# TASK BRIEF:
Copy every record below exactly as it stands.
* * * *
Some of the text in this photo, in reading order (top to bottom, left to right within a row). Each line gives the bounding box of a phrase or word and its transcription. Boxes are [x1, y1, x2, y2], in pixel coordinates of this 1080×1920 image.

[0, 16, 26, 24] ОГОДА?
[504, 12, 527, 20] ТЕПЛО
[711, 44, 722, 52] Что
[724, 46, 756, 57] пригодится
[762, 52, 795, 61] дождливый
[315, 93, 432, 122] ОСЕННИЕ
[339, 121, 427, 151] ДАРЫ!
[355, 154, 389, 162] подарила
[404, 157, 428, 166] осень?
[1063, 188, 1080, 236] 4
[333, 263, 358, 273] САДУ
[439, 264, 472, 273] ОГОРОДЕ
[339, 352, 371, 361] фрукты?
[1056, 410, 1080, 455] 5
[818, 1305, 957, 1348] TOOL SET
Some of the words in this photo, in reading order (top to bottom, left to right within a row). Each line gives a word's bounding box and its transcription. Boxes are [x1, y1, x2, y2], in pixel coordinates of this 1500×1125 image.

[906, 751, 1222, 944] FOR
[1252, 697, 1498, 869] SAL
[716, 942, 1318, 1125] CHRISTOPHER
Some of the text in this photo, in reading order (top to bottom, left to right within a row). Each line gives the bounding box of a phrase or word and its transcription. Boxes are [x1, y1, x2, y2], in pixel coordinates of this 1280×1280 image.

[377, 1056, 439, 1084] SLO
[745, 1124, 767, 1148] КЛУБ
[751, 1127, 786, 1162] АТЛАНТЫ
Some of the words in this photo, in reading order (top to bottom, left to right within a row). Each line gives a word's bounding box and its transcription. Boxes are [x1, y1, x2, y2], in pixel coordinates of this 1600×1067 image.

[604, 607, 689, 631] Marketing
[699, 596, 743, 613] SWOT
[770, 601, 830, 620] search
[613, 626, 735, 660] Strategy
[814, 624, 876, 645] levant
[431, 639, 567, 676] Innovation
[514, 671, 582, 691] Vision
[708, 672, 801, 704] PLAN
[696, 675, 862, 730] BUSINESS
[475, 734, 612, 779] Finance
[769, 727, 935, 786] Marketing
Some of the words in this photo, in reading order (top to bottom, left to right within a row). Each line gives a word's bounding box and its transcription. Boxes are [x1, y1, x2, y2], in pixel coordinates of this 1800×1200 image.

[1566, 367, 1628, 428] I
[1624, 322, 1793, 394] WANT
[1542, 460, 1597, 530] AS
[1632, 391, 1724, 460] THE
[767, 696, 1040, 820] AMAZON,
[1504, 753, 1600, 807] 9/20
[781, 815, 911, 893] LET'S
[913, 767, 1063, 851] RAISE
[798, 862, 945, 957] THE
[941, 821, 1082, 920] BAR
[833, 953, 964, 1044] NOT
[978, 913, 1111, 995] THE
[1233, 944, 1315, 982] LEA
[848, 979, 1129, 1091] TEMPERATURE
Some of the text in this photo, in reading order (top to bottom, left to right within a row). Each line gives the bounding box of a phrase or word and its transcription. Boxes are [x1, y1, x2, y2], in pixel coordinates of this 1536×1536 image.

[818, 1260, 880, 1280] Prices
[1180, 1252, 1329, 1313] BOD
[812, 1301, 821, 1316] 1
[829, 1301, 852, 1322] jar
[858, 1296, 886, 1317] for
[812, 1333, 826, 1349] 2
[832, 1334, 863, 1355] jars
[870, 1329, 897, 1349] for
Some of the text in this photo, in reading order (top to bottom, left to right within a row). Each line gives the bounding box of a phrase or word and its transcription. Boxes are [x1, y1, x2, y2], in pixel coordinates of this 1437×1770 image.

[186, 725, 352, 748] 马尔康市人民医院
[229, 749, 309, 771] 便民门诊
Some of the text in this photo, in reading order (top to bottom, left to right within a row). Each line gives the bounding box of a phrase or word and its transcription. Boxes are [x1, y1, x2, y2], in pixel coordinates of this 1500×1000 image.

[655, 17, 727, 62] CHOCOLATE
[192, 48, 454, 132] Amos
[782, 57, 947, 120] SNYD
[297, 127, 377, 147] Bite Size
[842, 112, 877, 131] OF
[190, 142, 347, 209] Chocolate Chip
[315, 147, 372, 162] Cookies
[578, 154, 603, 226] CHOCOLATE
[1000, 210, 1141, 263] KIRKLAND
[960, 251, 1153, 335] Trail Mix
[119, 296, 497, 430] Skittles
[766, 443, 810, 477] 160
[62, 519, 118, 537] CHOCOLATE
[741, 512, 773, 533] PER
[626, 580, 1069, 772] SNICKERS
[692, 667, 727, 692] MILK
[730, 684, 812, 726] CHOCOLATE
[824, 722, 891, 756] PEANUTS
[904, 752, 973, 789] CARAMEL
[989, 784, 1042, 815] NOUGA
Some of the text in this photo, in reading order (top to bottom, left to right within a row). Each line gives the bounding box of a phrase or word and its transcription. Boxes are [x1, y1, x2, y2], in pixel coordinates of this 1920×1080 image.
* * * *
# ANSWER TO THIS PROBLEM:
Some of the text in this photo, in reading order (top to bottom, left to right within a row). Each line gives the bounding box of a phrase or word and its transcription. Boxes are [x1, y1, x2, y2], in pixel coordinates of this 1080×1920 image.

[0, 16, 26, 24] ОГОДА?
[504, 12, 527, 20] ТЕПЛО
[711, 44, 722, 52] Что
[724, 46, 756, 57] пригодится
[762, 52, 795, 61] дождливый
[315, 93, 432, 122] ОСЕННИЕ
[339, 121, 427, 151] ДАРЫ!
[355, 154, 389, 162] подарила
[404, 157, 428, 166] осень?
[1063, 188, 1080, 236] 4
[333, 263, 358, 273] САДУ
[439, 264, 472, 273] ОГОРОДЕ
[339, 352, 371, 361] фрукты?
[1056, 410, 1080, 455] 5
[818, 1305, 957, 1348] TOOL SET
Some of the words in this photo, in reading order (top to bottom, left to right within a row). Each line gives a word's bounding box and its transcription. Boxes are [x1, y1, x2, y2], in pixel coordinates of this 1500×1125 image.

[906, 751, 1222, 944] FOR
[1252, 697, 1498, 869] SAL
[716, 942, 1318, 1125] CHRISTOPHER
Some of the text in this photo, in reading order (top to bottom, left to right within a row). Each line gives the bounding box of a phrase or word and its transcription. Boxes are [x1, y1, x2, y2], in pixel coordinates of this 1280×1280 image.

[377, 1056, 439, 1084] SLO
[745, 1124, 767, 1148] КЛУБ
[751, 1127, 786, 1162] АТЛАНТЫ
Some of the words in this photo, in reading order (top to bottom, left to right within a row). Each line gives a word's bounding box and its transcription. Boxes are [x1, y1, x2, y2], in pixel coordinates of this 1600×1067 image.

[604, 607, 689, 631] Marketing
[699, 596, 743, 613] SWOT
[770, 601, 830, 620] search
[613, 626, 735, 660] Strategy
[814, 624, 876, 645] levant
[431, 639, 567, 676] Innovation
[514, 671, 582, 691] Vision
[708, 672, 801, 704] PLAN
[696, 675, 862, 730] BUSINESS
[475, 734, 612, 779] Finance
[769, 727, 935, 786] Marketing
Some of the words in this photo, in reading order (top to bottom, left to right within a row). Each line gives a word's bounding box and its transcription. Boxes are [x1, y1, x2, y2], in pixel coordinates of this 1800×1200 image.

[1566, 367, 1628, 428] I
[1624, 322, 1793, 394] WANT
[1542, 460, 1597, 530] AS
[1632, 391, 1724, 460] THE
[767, 696, 1040, 820] AMAZON,
[1504, 753, 1600, 807] 9/20
[781, 815, 911, 893] LET'S
[913, 767, 1063, 851] RAISE
[798, 862, 945, 957] THE
[941, 821, 1082, 920] BAR
[833, 953, 964, 1044] NOT
[978, 913, 1111, 995] THE
[1233, 944, 1315, 982] LEA
[848, 979, 1129, 1091] TEMPERATURE
Some of the text in this photo, in reading order (top to bottom, left to right within a row). Each line gives the bounding box of a phrase or word and its transcription. Boxes are [x1, y1, x2, y2], in pixel coordinates of this 1536×1536 image.

[818, 1260, 880, 1280] Prices
[1180, 1252, 1329, 1313] BOD
[812, 1301, 821, 1316] 1
[829, 1301, 852, 1322] jar
[858, 1296, 886, 1317] for
[812, 1333, 826, 1349] 2
[832, 1334, 863, 1355] jars
[870, 1329, 897, 1349] for
Some of the text in this photo, in reading order (top to bottom, left to right within a row). Each line gives the bounding box of a phrase or word and its transcription. Boxes are [x1, y1, x2, y2], in pixel coordinates of this 1437×1770 image.

[186, 725, 352, 748] 马尔康市人民医院
[229, 749, 309, 771] 便民门诊
Some of the text in this photo, in reading order (top to bottom, left to right within a row). Each line gives the bounding box of a phrase or word and its transcription. Boxes are [x1, y1, x2, y2], in pixel coordinates of this 1500×1000 image.

[655, 17, 727, 62] CHOCOLATE
[192, 48, 454, 132] Amos
[782, 57, 947, 120] SNYD
[297, 127, 377, 147] Bite Size
[842, 112, 877, 131] OF
[190, 142, 347, 209] Chocolate Chip
[315, 147, 372, 162] Cookies
[578, 154, 603, 226] CHOCOLATE
[1000, 210, 1141, 263] KIRKLAND
[960, 251, 1153, 335] Trail Mix
[119, 296, 497, 430] Skittles
[766, 443, 810, 477] 160
[62, 519, 118, 537] CHOCOLATE
[741, 512, 773, 533] PER
[626, 580, 1069, 772] SNICKERS
[692, 667, 727, 692] MILK
[730, 684, 812, 726] CHOCOLATE
[824, 722, 891, 756] PEANUTS
[904, 752, 973, 789] CARAMEL
[989, 784, 1042, 815] NOUGA
Some of the text in this photo, in reading order (top to bottom, left to right within a row). Each line gives the bounding box of a phrase or word and its transcription. Boxes are [x1, y1, x2, y2], in pixel coordinates of this 1920×1080 image.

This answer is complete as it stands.